The presentation on EU plastic waste exports shows that, at the beginning of 2019, the EU exported some 150,000 tonnes of plastic waste per month, half as much as in 2015 and 2016, before China restricted its imports and some plastics were banned by a United Nations Convention.
In the short term, this new situation could lead to an increase in landfilling and incineration, warns the EEA, before pushing for investments to increase recycling and waste reuse capacity in Europe. According to the EEA, there is enormous potential for the EU and the directive on the reduction of the consumption of single-use plastics products and the more ambitious objectives of the revised Waste Directives are only the beginning.

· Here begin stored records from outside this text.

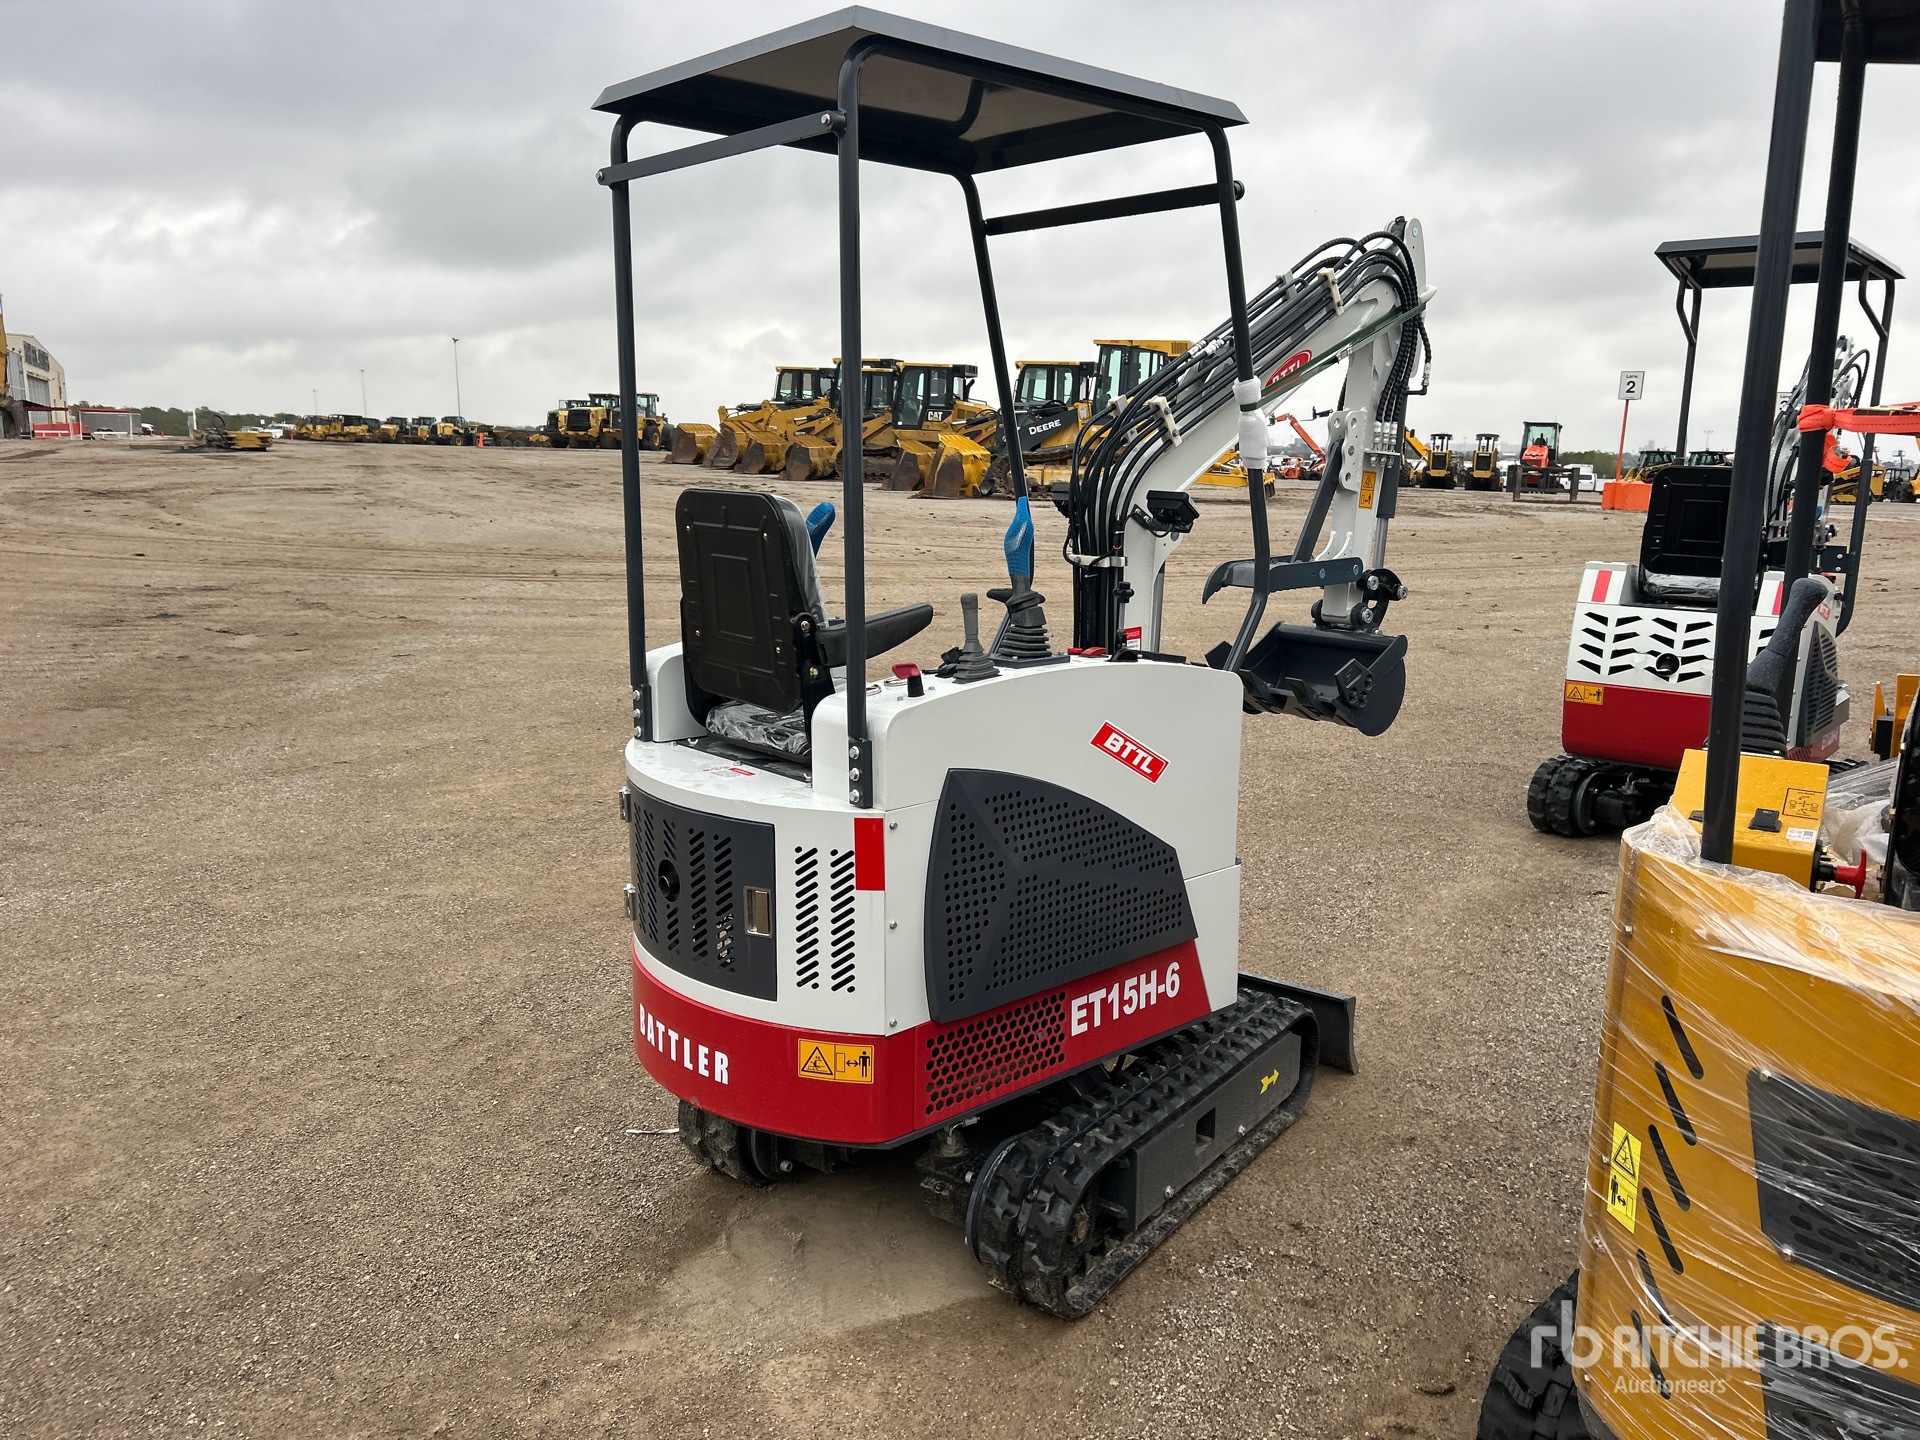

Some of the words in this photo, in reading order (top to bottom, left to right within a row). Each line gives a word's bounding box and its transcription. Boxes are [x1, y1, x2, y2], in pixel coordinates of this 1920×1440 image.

[1625, 380, 1636, 393] 2
[927, 411, 943, 421] CAT
[1028, 419, 1062, 435] DEERE
[1103, 731, 1154, 774] BTTL
[1071, 961, 1180, 1037] ET15H-6
[639, 1002, 729, 1085] BATTLER
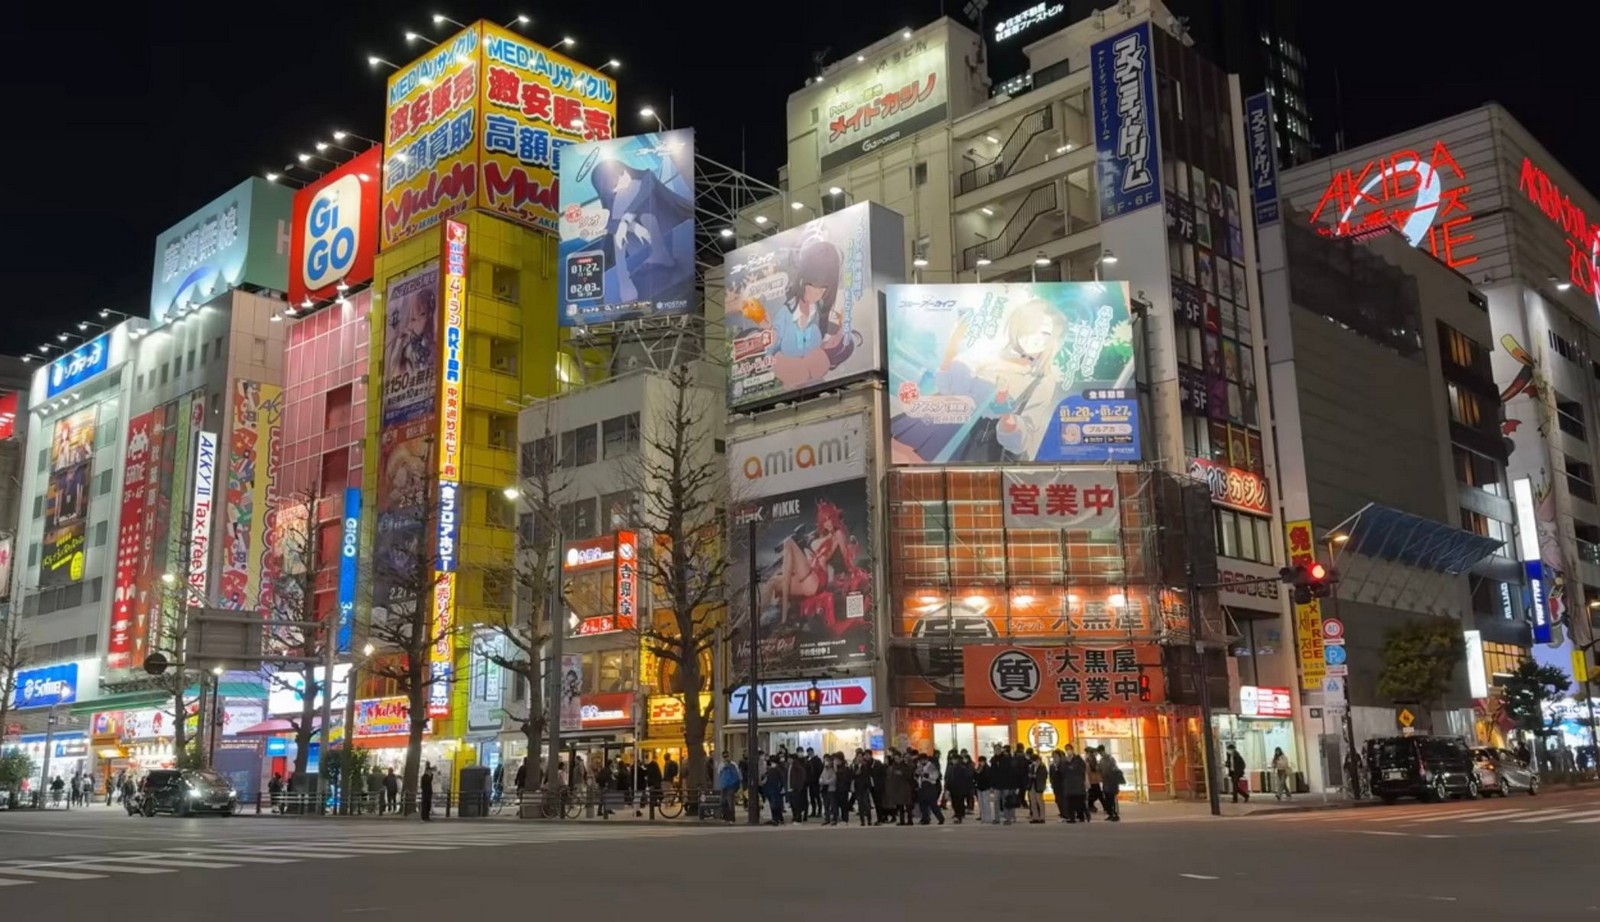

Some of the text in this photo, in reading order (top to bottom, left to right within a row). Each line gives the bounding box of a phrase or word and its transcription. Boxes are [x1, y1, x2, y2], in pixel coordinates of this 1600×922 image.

[388, 62, 478, 146] 激安販売
[487, 66, 612, 141] 激安販売
[829, 73, 936, 143] メイドカジノ
[385, 108, 475, 192] 高額買取
[1308, 140, 1466, 225] AKIBA
[498, 203, 538, 222] ムーラン
[307, 226, 354, 281] GO
[199, 434, 214, 484] AKKY
[743, 435, 849, 480] amiami
[772, 499, 800, 518] NIKKE
[1009, 484, 1115, 517] 営業中
[620, 563, 632, 615] 吉野家
[1532, 579, 1545, 626] GALLERIA
[1051, 601, 1145, 631] 大黒屋
[995, 657, 1035, 696] 質
[1055, 648, 1140, 675] 大黒屋
[734, 687, 767, 715] ZN
[771, 689, 842, 708] COMI ZIN
[1056, 677, 1140, 704] 営業中

The second presentation measures the loss of resources due to the management of waste electrical and electronic equipment, end-of-life batteries and textile and plastic waste. Out of 30 million tonnes of plastic waste generated in the EU in 2015, only 17% was collected for reuse or recycling (5 million tonnes), but 57% of waste due to landfilling and energy recovery were recorded. 83% (25 million tonnes) were lost.
Of these 30 million tonnes of waste, 16.3 million tonnes were plastic packaging waste, 1.15 million tonnes from construction and demolition, 1.2 million tonnes from end-of-life vehicles and 2.4 million tonnes from electronic waste.